WORK TO BE COMPLETED —
Write back every entry exactly as it reads, with the pictures left behind.

[Collected data]

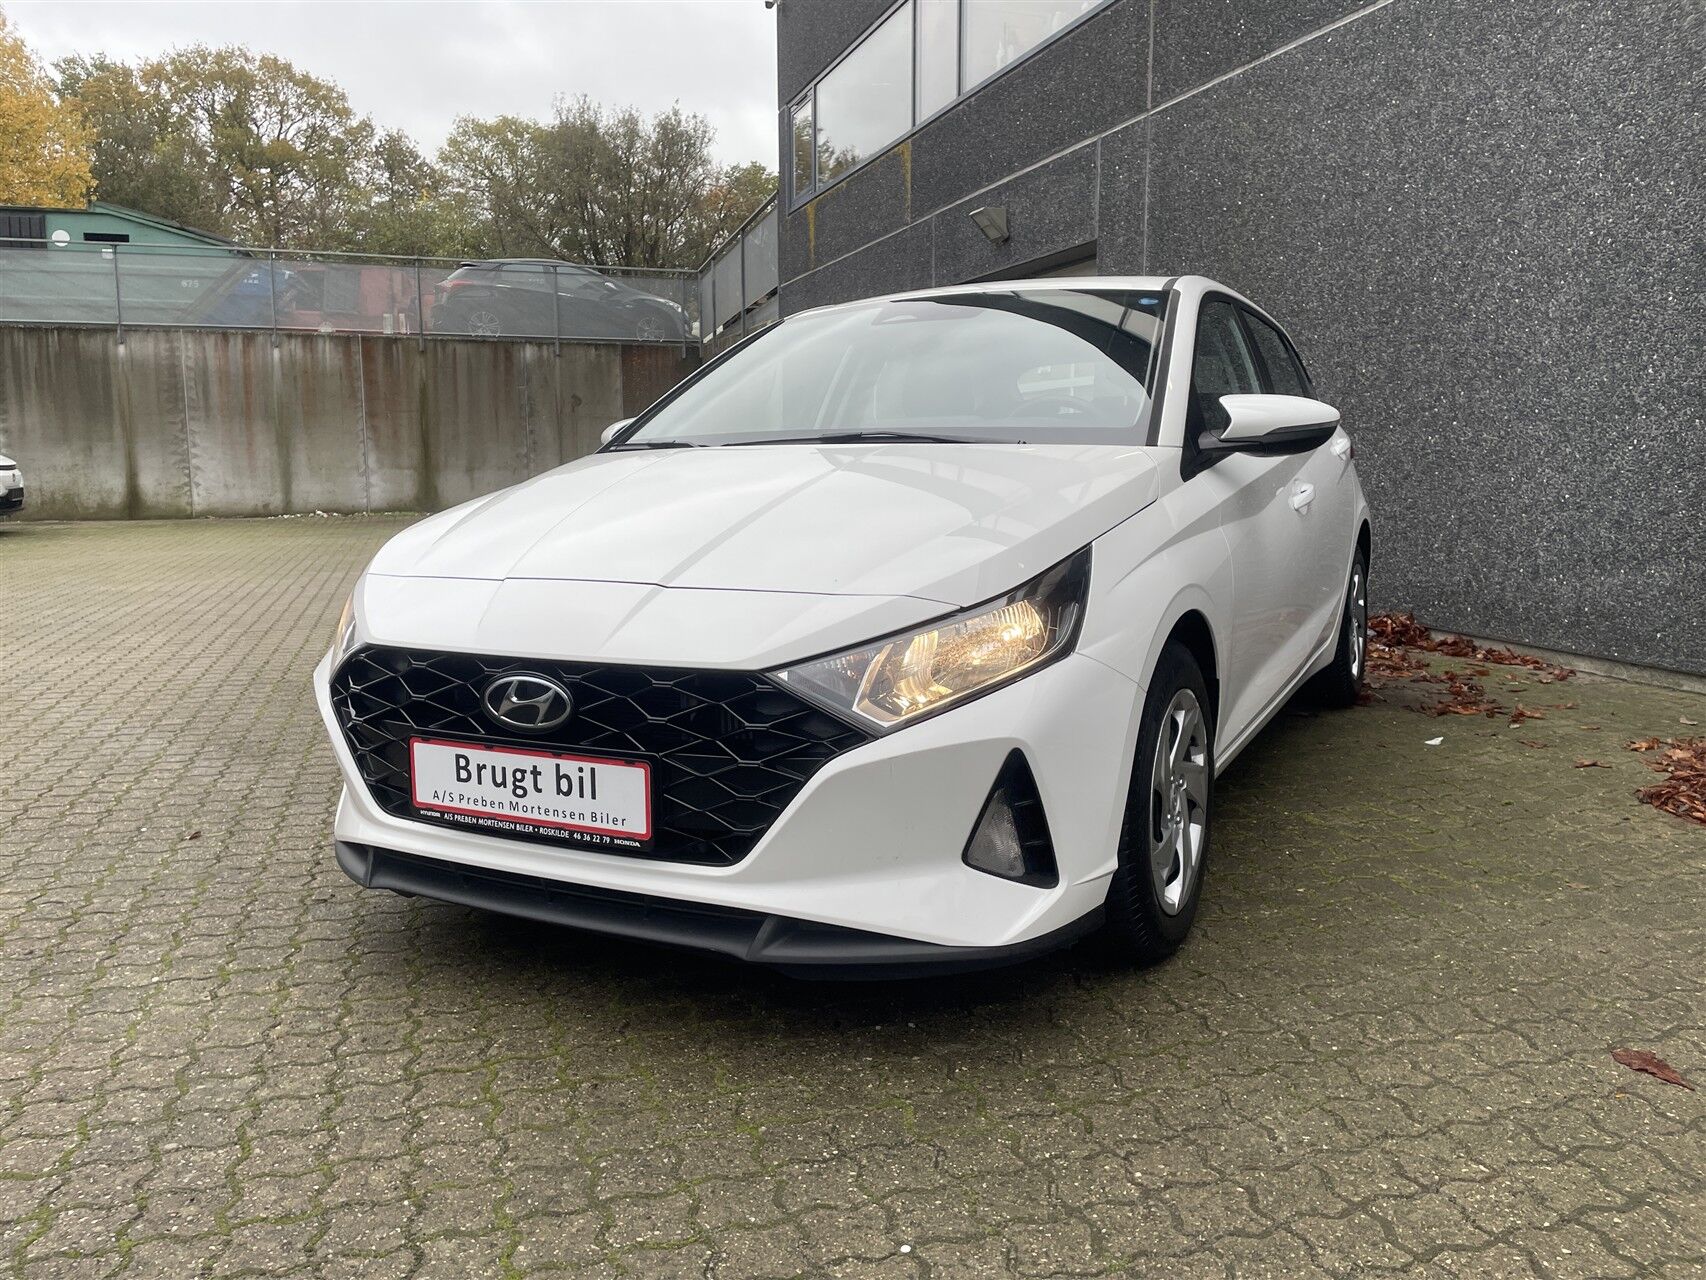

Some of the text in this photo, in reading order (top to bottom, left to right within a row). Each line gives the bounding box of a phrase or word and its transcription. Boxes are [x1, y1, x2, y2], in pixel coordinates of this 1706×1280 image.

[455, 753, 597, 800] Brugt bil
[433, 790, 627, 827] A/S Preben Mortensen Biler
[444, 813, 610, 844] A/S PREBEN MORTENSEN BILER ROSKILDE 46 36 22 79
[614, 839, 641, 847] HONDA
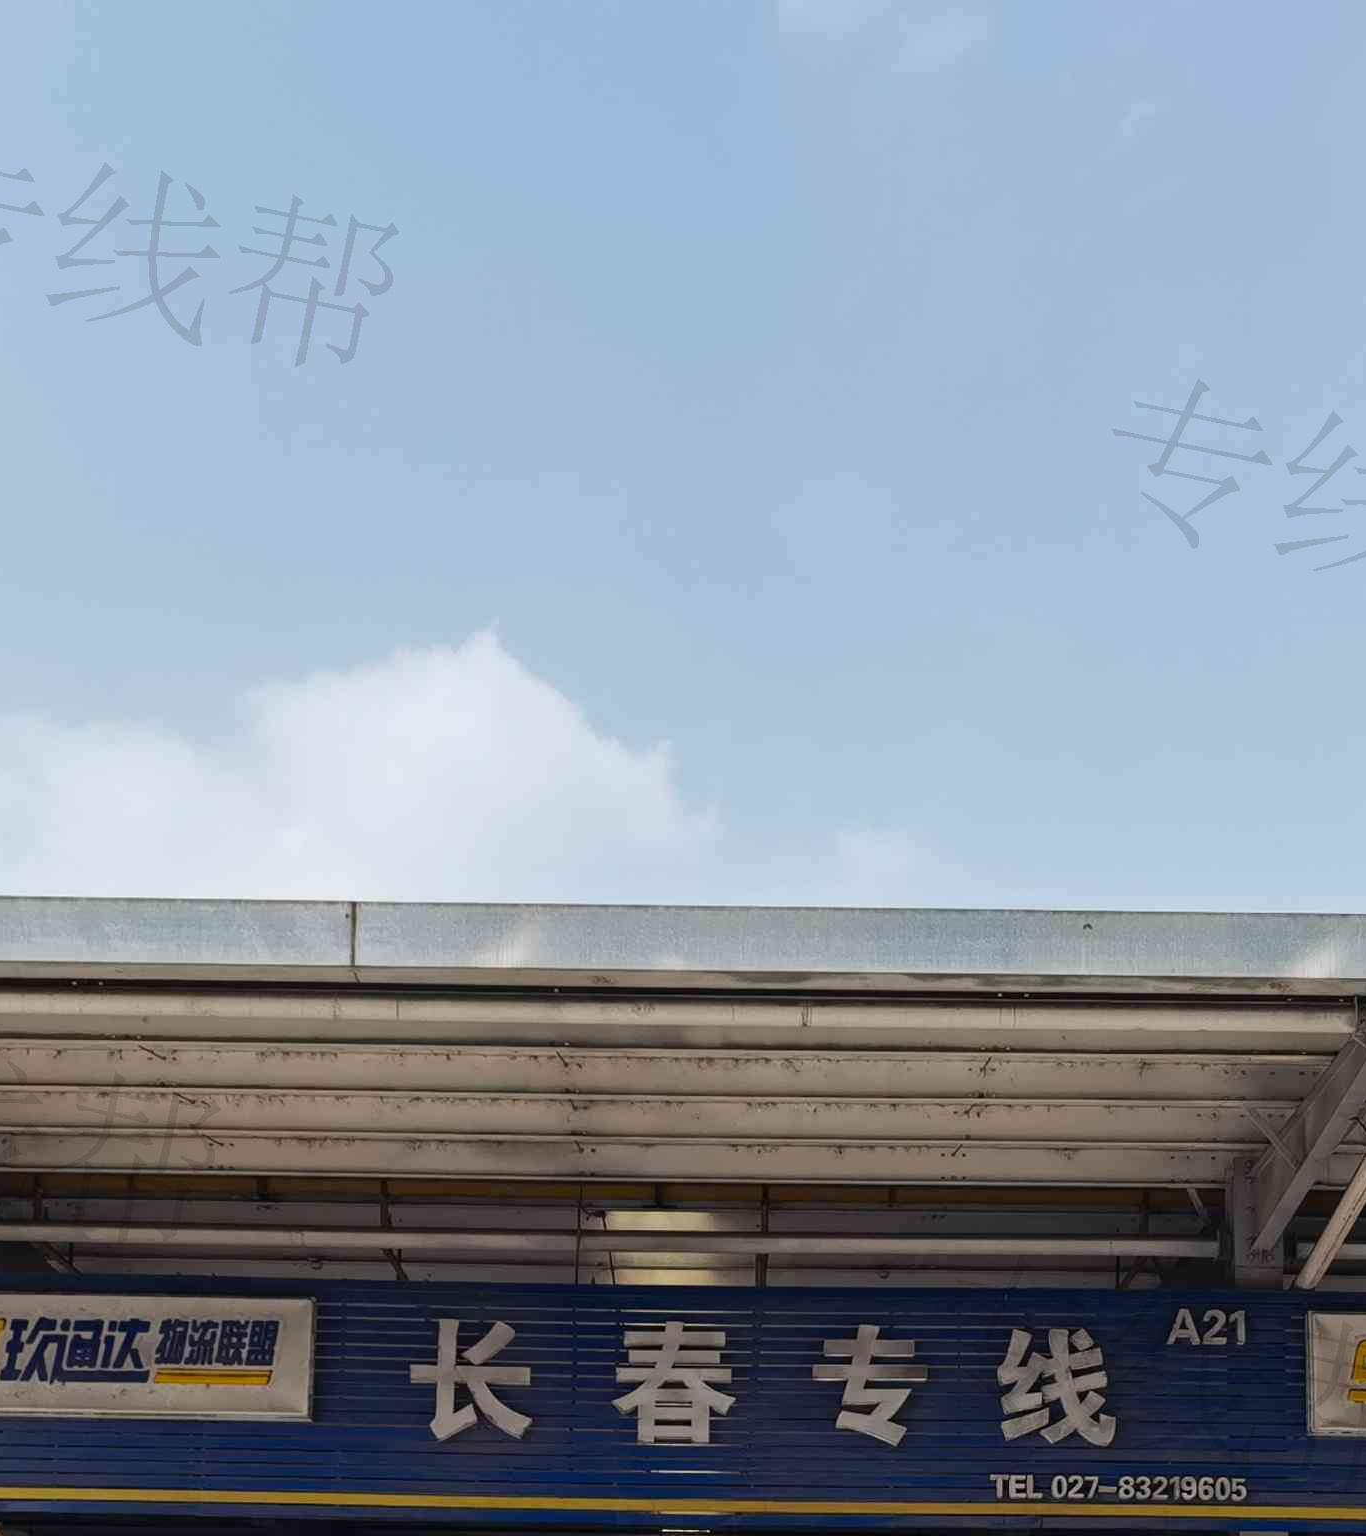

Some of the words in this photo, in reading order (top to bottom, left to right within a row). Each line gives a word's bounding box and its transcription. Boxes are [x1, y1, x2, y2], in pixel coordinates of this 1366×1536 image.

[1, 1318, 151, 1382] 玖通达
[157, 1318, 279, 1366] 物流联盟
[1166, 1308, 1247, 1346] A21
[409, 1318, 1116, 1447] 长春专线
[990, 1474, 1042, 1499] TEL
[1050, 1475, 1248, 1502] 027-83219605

TASK RESPONSE —
Some of the text in this photo, in reading order (top to bottom, left to right within a row). Each line gives the bounding box of a phrase or word and its transcription. Boxes are [x1, y1, x2, y2], in pixel coordinates of this 1706×1280 image.

[455, 753, 597, 800] Brugt bil
[433, 790, 627, 827] A/S Preben Mortensen Biler
[444, 813, 610, 844] A/S PREBEN MORTENSEN BILER ROSKILDE 46 36 22 79
[614, 839, 641, 847] HONDA

Some of the words in this photo, in reading order (top to bottom, left to right within a row). Each line gives a word's bounding box and its transcription. Boxes are [x1, y1, x2, y2], in pixel coordinates of this 1366×1536 image.

[1, 1318, 151, 1382] 玖通达
[157, 1318, 279, 1366] 物流联盟
[1166, 1308, 1247, 1346] A21
[409, 1318, 1116, 1447] 长春专线
[990, 1474, 1042, 1499] TEL
[1050, 1475, 1248, 1502] 027-83219605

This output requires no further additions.